■ Work required ■
The entries are to be written out again with no differences.

##### Raw data #####

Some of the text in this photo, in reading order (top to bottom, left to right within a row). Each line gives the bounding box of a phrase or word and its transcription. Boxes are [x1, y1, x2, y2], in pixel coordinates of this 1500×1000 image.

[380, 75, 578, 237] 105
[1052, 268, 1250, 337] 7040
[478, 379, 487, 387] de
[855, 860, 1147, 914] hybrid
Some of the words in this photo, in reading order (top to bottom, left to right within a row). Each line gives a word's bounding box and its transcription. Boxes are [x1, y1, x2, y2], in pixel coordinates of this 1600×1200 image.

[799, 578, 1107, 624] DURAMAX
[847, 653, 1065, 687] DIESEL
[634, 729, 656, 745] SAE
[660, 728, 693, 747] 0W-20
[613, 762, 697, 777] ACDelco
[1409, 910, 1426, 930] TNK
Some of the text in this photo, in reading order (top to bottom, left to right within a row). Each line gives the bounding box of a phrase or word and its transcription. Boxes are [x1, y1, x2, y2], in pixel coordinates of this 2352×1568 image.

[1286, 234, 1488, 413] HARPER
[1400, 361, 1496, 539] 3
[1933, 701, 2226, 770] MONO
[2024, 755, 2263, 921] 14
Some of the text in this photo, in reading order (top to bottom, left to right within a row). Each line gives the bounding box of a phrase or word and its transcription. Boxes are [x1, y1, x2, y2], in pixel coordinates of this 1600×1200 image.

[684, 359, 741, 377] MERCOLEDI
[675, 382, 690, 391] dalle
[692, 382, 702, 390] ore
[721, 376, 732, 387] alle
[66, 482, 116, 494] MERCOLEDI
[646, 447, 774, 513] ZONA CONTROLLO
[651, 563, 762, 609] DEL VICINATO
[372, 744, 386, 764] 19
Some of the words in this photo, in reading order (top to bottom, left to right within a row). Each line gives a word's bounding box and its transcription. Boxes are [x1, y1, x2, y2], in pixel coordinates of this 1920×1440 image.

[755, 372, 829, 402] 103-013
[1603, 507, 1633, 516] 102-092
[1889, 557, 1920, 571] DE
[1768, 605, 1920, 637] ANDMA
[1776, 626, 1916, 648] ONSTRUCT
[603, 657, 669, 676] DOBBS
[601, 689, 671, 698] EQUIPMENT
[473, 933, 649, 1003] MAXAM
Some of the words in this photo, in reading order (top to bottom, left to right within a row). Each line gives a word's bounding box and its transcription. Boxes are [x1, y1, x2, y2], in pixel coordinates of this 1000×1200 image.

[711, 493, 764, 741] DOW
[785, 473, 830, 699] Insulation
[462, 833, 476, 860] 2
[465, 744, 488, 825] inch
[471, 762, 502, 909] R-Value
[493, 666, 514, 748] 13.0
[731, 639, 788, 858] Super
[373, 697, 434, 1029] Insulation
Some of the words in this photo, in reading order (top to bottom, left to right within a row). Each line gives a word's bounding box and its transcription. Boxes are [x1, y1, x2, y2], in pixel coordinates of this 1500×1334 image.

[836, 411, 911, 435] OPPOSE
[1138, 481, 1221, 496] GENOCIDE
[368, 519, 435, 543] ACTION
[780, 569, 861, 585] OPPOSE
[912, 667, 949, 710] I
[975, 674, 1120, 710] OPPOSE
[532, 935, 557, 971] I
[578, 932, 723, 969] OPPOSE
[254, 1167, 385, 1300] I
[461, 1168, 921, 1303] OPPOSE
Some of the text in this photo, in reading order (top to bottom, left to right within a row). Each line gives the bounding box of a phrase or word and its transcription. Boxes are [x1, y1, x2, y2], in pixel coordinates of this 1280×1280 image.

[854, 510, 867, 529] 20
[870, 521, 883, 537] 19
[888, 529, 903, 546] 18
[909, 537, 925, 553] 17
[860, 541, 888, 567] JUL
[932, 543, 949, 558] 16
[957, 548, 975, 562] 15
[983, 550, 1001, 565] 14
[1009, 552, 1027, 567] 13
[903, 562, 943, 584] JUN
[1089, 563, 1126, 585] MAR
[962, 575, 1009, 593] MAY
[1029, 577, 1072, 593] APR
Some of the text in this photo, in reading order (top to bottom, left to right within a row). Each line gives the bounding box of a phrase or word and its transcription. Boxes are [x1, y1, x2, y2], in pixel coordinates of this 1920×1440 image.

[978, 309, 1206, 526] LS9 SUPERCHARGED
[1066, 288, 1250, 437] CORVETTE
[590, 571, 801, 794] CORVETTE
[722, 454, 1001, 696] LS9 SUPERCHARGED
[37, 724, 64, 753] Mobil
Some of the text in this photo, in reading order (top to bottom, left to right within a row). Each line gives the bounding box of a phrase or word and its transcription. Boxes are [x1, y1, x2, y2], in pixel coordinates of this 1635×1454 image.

#####

■ Expected answer ■
Some of the text in this photo, in reading order (top to bottom, left to right within a row). Each line gives the bounding box of a phrase or word and its transcription. Boxes are [x1, y1, x2, y2], in pixel coordinates of this 1500×1000 image.

[380, 75, 578, 237] 105
[1052, 268, 1250, 337] 7040
[478, 379, 487, 387] de
[855, 860, 1147, 914] hybrid
Some of the words in this photo, in reading order (top to bottom, left to right within a row). Each line gives a word's bounding box and its transcription. Boxes are [x1, y1, x2, y2], in pixel coordinates of this 1600×1200 image.

[799, 578, 1107, 624] DURAMAX
[847, 653, 1065, 687] DIESEL
[634, 729, 656, 745] SAE
[660, 728, 693, 747] 0W-20
[613, 762, 697, 777] ACDelco
[1409, 910, 1426, 930] TNK
Some of the text in this photo, in reading order (top to bottom, left to right within a row). Each line gives the bounding box of a phrase or word and its transcription. Boxes are [x1, y1, x2, y2], in pixel coordinates of this 2352×1568 image.

[1286, 234, 1488, 413] HARPER
[1400, 361, 1496, 539] 3
[1933, 701, 2226, 770] MONO
[2024, 755, 2263, 921] 14
Some of the text in this photo, in reading order (top to bottom, left to right within a row). Each line gives the bounding box of a phrase or word and its transcription. Boxes are [x1, y1, x2, y2], in pixel coordinates of this 1600×1200 image.

[684, 359, 741, 377] MERCOLEDI
[675, 382, 690, 391] dalle
[692, 382, 702, 390] ore
[721, 376, 732, 387] alle
[66, 482, 116, 494] MERCOLEDI
[646, 447, 774, 513] ZONA CONTROLLO
[651, 563, 762, 609] DEL VICINATO
[372, 744, 386, 764] 19
Some of the words in this photo, in reading order (top to bottom, left to right within a row). Each line gives a word's bounding box and its transcription. Boxes are [x1, y1, x2, y2], in pixel coordinates of this 1920×1440 image.

[755, 372, 829, 402] 103-013
[1603, 507, 1633, 516] 102-092
[1889, 557, 1920, 571] DE
[1768, 605, 1920, 637] ANDMA
[1776, 626, 1916, 648] ONSTRUCT
[603, 657, 669, 676] DOBBS
[601, 689, 671, 698] EQUIPMENT
[473, 933, 649, 1003] MAXAM
Some of the words in this photo, in reading order (top to bottom, left to right within a row). Each line gives a word's bounding box and its transcription. Boxes are [x1, y1, x2, y2], in pixel coordinates of this 1000×1200 image.

[711, 493, 764, 741] DOW
[785, 473, 830, 699] Insulation
[462, 833, 476, 860] 2
[465, 744, 488, 825] inch
[471, 762, 502, 909] R-Value
[493, 666, 514, 748] 13.0
[731, 639, 788, 858] Super
[373, 697, 434, 1029] Insulation
Some of the words in this photo, in reading order (top to bottom, left to right within a row). Each line gives a word's bounding box and its transcription. Boxes are [x1, y1, x2, y2], in pixel coordinates of this 1500×1334 image.

[836, 411, 911, 435] OPPOSE
[1138, 481, 1221, 496] GENOCIDE
[368, 519, 435, 543] ACTION
[780, 569, 861, 585] OPPOSE
[912, 667, 949, 710] I
[975, 674, 1120, 710] OPPOSE
[532, 935, 557, 971] I
[578, 932, 723, 969] OPPOSE
[254, 1167, 385, 1300] I
[461, 1168, 921, 1303] OPPOSE
Some of the text in this photo, in reading order (top to bottom, left to right within a row). Each line gives the bounding box of a phrase or word and its transcription. Boxes are [x1, y1, x2, y2], in pixel coordinates of this 1280×1280 image.

[854, 510, 867, 529] 20
[870, 521, 883, 537] 19
[888, 529, 903, 546] 18
[909, 537, 925, 553] 17
[860, 541, 888, 567] JUL
[932, 543, 949, 558] 16
[957, 548, 975, 562] 15
[983, 550, 1001, 565] 14
[1009, 552, 1027, 567] 13
[903, 562, 943, 584] JUN
[1089, 563, 1126, 585] MAR
[962, 575, 1009, 593] MAY
[1029, 577, 1072, 593] APR
Some of the text in this photo, in reading order (top to bottom, left to right within a row). Each line gives the bounding box of a phrase or word and its transcription. Boxes are [x1, y1, x2, y2], in pixel coordinates of this 1920×1440 image.

[978, 309, 1206, 526] LS9 SUPERCHARGED
[1066, 288, 1250, 437] CORVETTE
[590, 571, 801, 794] CORVETTE
[722, 454, 1001, 696] LS9 SUPERCHARGED
[37, 724, 64, 753] Mobil
Some of the text in this photo, in reading order (top to bottom, left to right within a row). Each line gives the bounding box of a phrase or word and its transcription. Boxes are [x1, y1, x2, y2], in pixel coordinates of this 1635×1454 image.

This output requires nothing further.